(About this task): Copy the listing exactly, leaving out every picture.

(Given data):
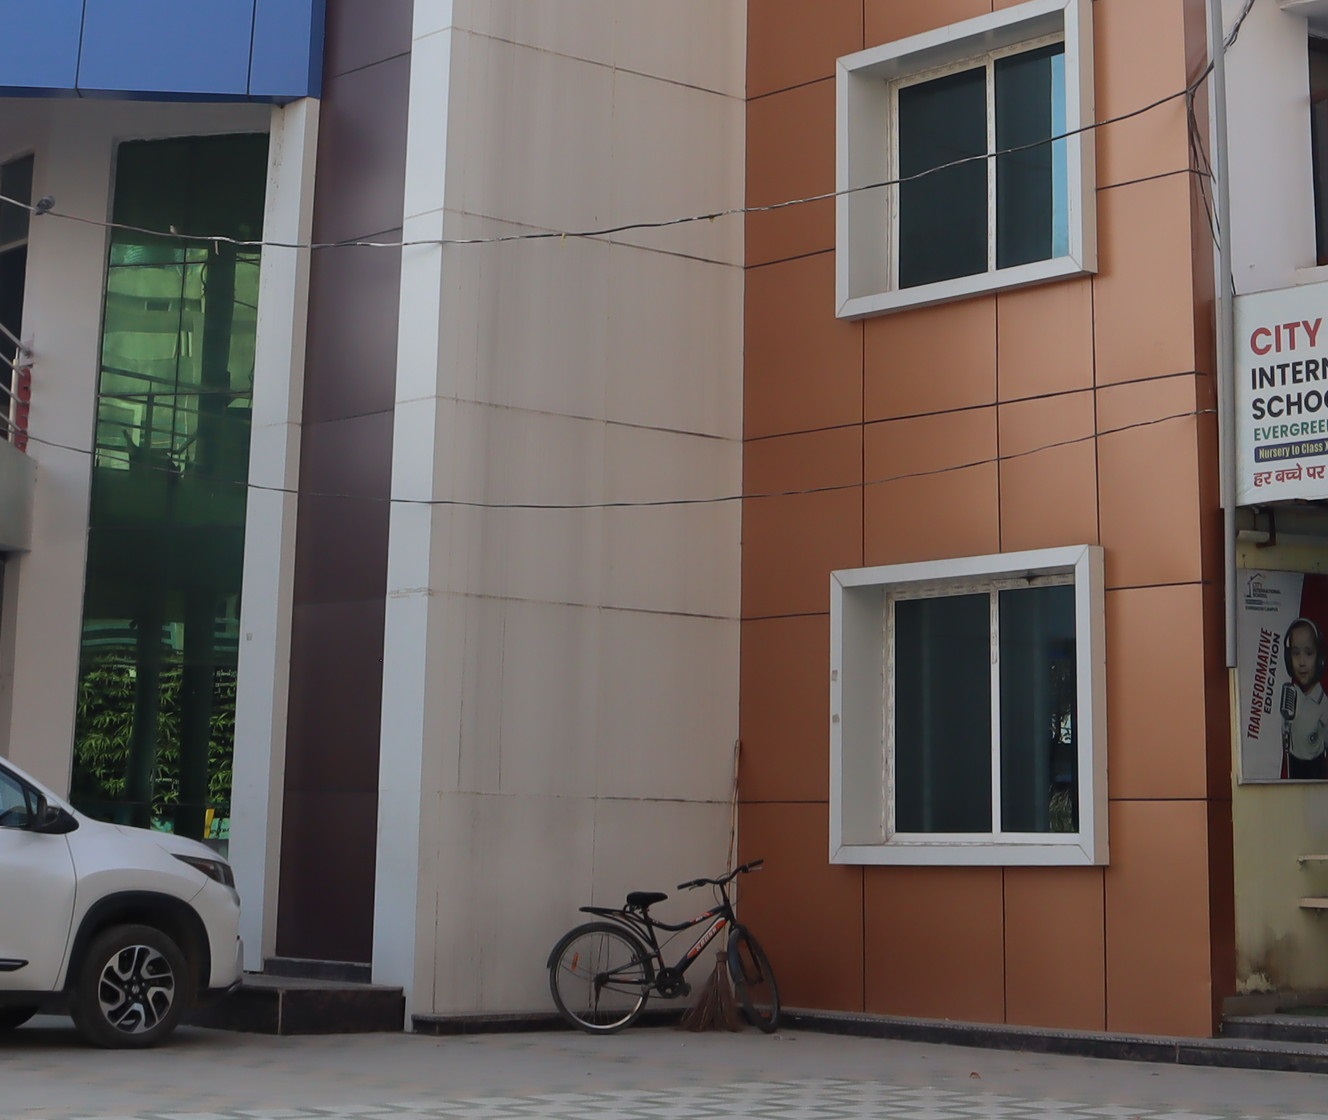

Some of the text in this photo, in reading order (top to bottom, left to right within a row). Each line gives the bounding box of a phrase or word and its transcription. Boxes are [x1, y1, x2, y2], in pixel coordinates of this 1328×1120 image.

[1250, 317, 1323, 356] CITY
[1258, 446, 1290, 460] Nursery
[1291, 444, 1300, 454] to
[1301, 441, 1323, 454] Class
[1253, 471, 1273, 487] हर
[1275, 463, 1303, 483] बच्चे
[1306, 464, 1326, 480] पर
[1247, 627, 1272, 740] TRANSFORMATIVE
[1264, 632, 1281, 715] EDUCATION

(Output for this task):
Some of the text in this photo, in reading order (top to bottom, left to right within a row). Each line gives the bounding box of a phrase or word and its transcription. Boxes are [x1, y1, x2, y2], in pixel coordinates of this 1328×1120 image.

[1250, 317, 1323, 356] CITY
[1258, 446, 1290, 460] Nursery
[1291, 444, 1300, 454] to
[1301, 441, 1323, 454] Class
[1253, 471, 1273, 487] हर
[1275, 463, 1303, 483] बच्चे
[1306, 464, 1326, 480] पर
[1247, 627, 1272, 740] TRANSFORMATIVE
[1264, 632, 1281, 715] EDUCATION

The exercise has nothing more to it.